Gunnar Morling gunnar.morling at googlemail.com
Sun Jan 22 14:33:27 EST 2012


Hi experts,

I'm in the middle of writing a proposal document for BVAL-241 (method
validation), which I'm planning to put up for discussion within the
next days.

One item for which I'd like to gather some feedback beforehand is how
to trigger method validation. I think we all agree that BV itself
should only provide the API and meta-model for method validation, but
it shouldn't actually trigger a validation of method level
constraints.

Instead this should be task of technologies integrating the method
validation feature to decide whether a validation is needed or not and
if so delegate that validation to BV.

The following options were mentioned at some time:

#1 Use @Valid

This would be semantically wrong IMO. @Valid is only a marker for
cascaded validation, but it shouldn't cause a validation itself.

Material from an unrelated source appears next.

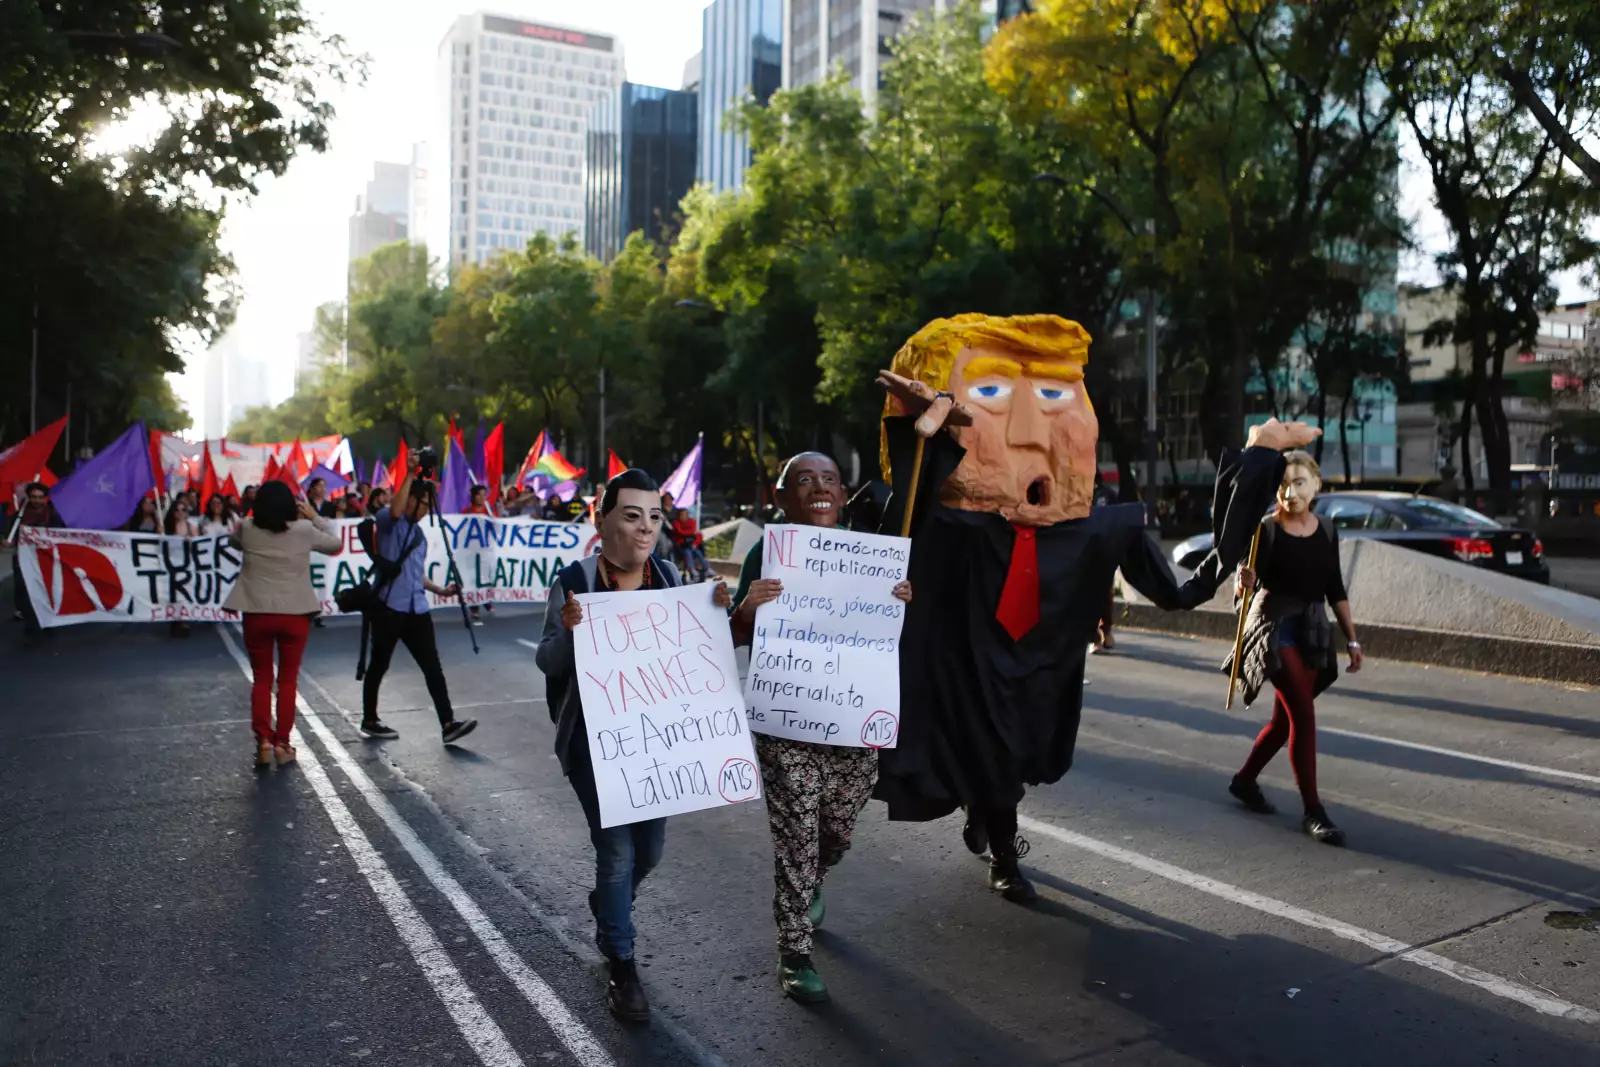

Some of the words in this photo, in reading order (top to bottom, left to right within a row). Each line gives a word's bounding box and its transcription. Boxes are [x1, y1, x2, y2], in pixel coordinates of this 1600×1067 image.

#2 Define an annotation such as @javax.validation.ValidateGroups within BV

	@ValidateGroups({Group1.class, Group2.class})
	public class OrderService {

		@NotNull
		public Order placeOrder(@NotNull(groups=Group1.class) @Size(min=3,
max=20) String customerCode, @NotNull Item item, @Min(1) int quantity)
{ //... }

	}

This annotation could be discovered by interceptors/proxies etc. which
then would trigger a validation of the method constraints. The method
could be defined on a class level as well as on method level (with the
latter having precedence in case of conflicts).

We could surely define such an annotation and specify it semantics,
but I'm unsure how that would actually work out with technologies
using that feature. Taking CDI for example, AFAIK the annotation would
have to be annotated with the @InterceptorBinding meta annotation. I
don't know whether/how it would be possible that we define the "basic"
annotation, while integrators "enrich" it with the meta data they
require.

#3 Don't define anything related in BV, leave that completely to integrators

CDI could define a proper interceptor binding annotation, others could
use some XML based configuration etc.

Personally I think we could go for #2 and define an annotation to be
used by integrators (e.g. by checking for the annotation, Spring might
define a related point cut etc.). We would recommend to trigger
validation based on this annotation where possible and hopeful would
cover most cases that way. Integrators would still be free to define
their own means of triggering a validation if required.

Any thoughts? Are there any other alternatives?